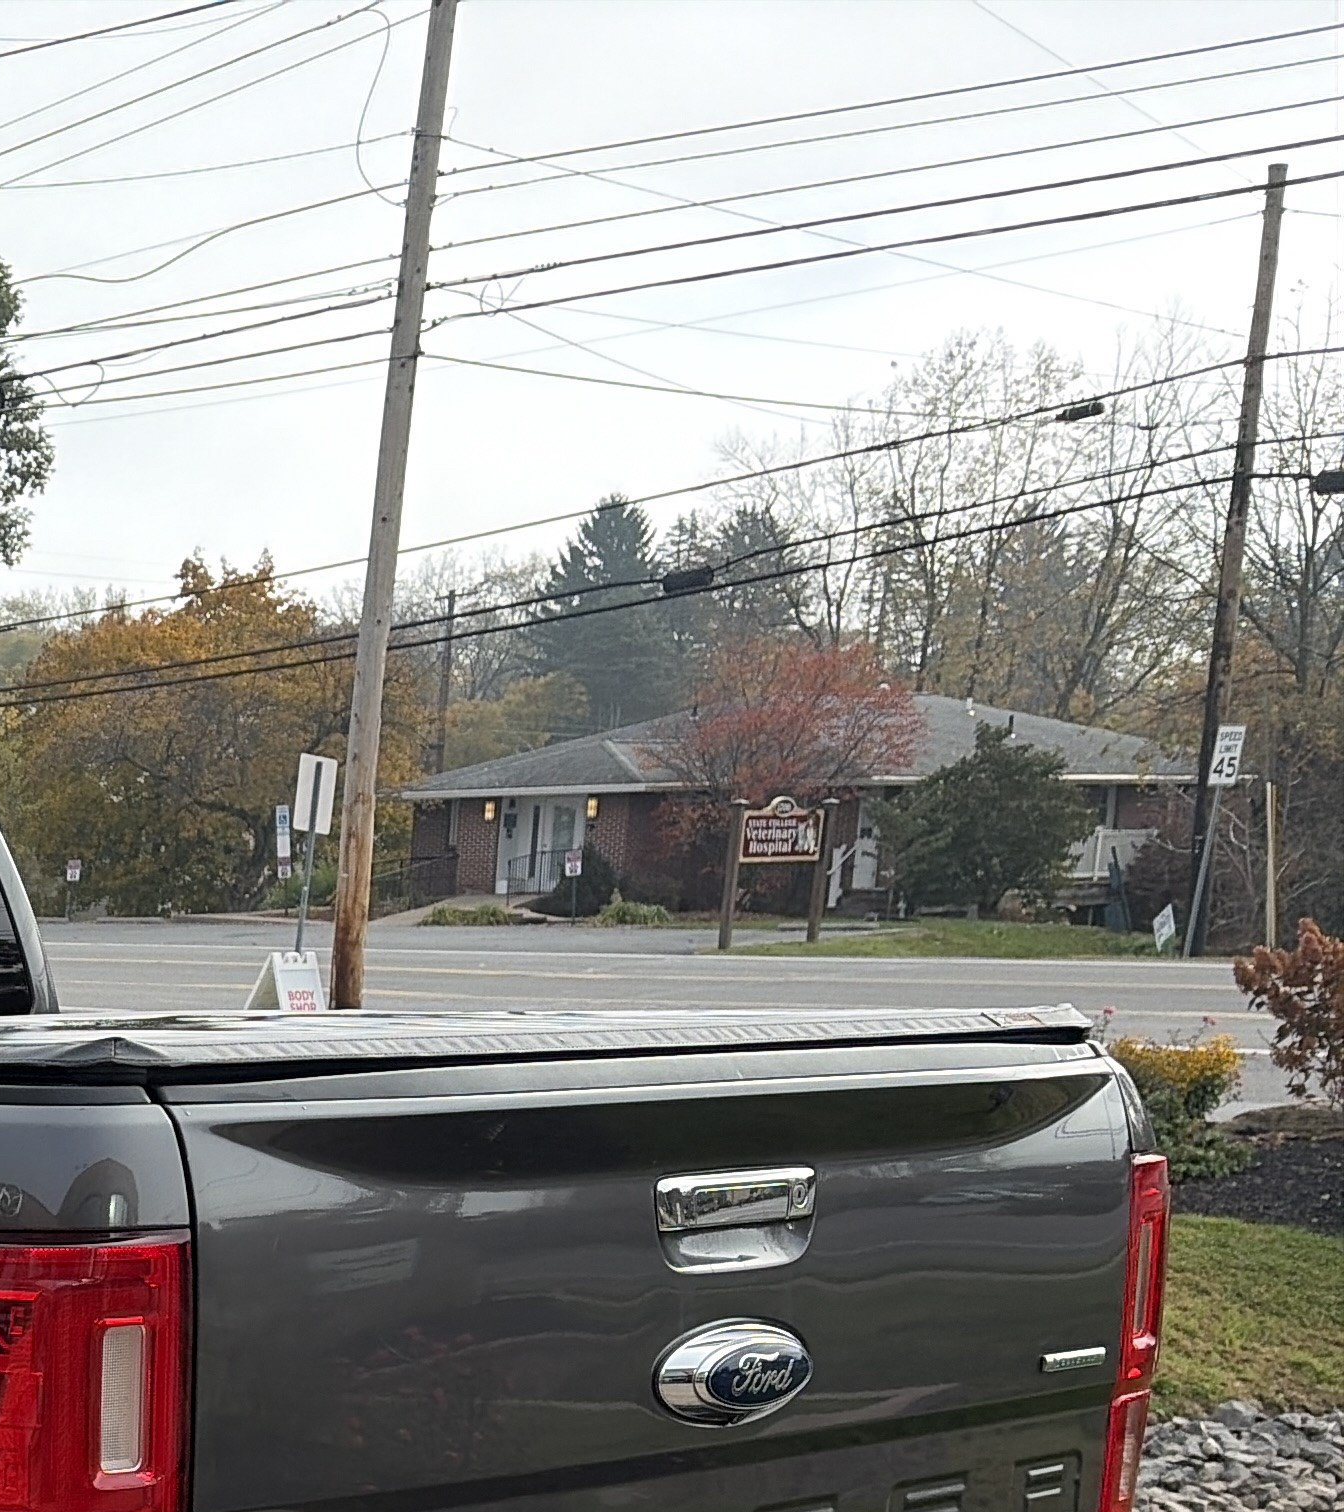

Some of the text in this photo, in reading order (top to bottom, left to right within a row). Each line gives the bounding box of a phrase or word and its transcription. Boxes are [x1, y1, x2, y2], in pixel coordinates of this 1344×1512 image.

[1220, 731, 1243, 742] SPEED
[1219, 743, 1238, 754] LIMIT
[1213, 756, 1237, 778] 45
[746, 827, 797, 842] Veterinary
[748, 840, 793, 857] Hospital
[288, 991, 315, 1001] BODY
[731, 1352, 795, 1397] Ford
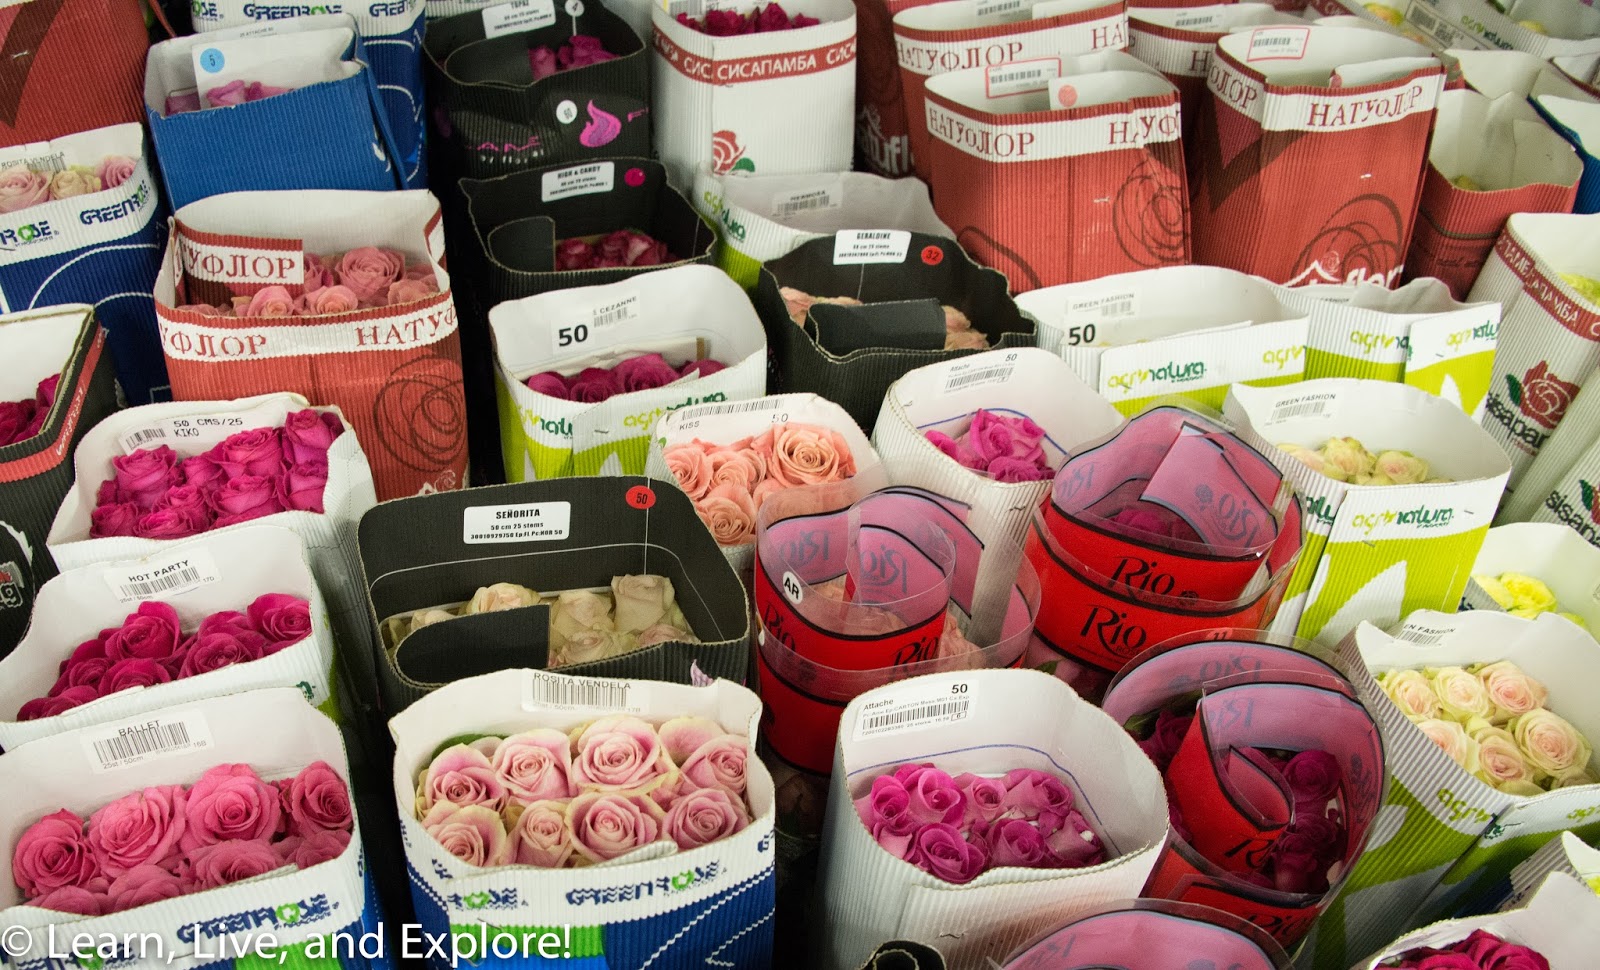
= = =
ACTIVITY –
Print the whole listing above once more, word for word, without its pictures.

RESPONSE TO THIS EXERCISE –
Some of the text in this photo, in reading order (top to bottom, left to right within a row). Each line gives the bounding box of a phrase or word and its transcription. Boxes are [x1, y1, x2, y2], in pixel coordinates of this 1344×1512 image.

[1220, 731, 1243, 742] SPEED
[1219, 743, 1238, 754] LIMIT
[1213, 756, 1237, 778] 45
[746, 827, 797, 842] Veterinary
[748, 840, 793, 857] Hospital
[288, 991, 315, 1001] BODY
[731, 1352, 795, 1397] Ford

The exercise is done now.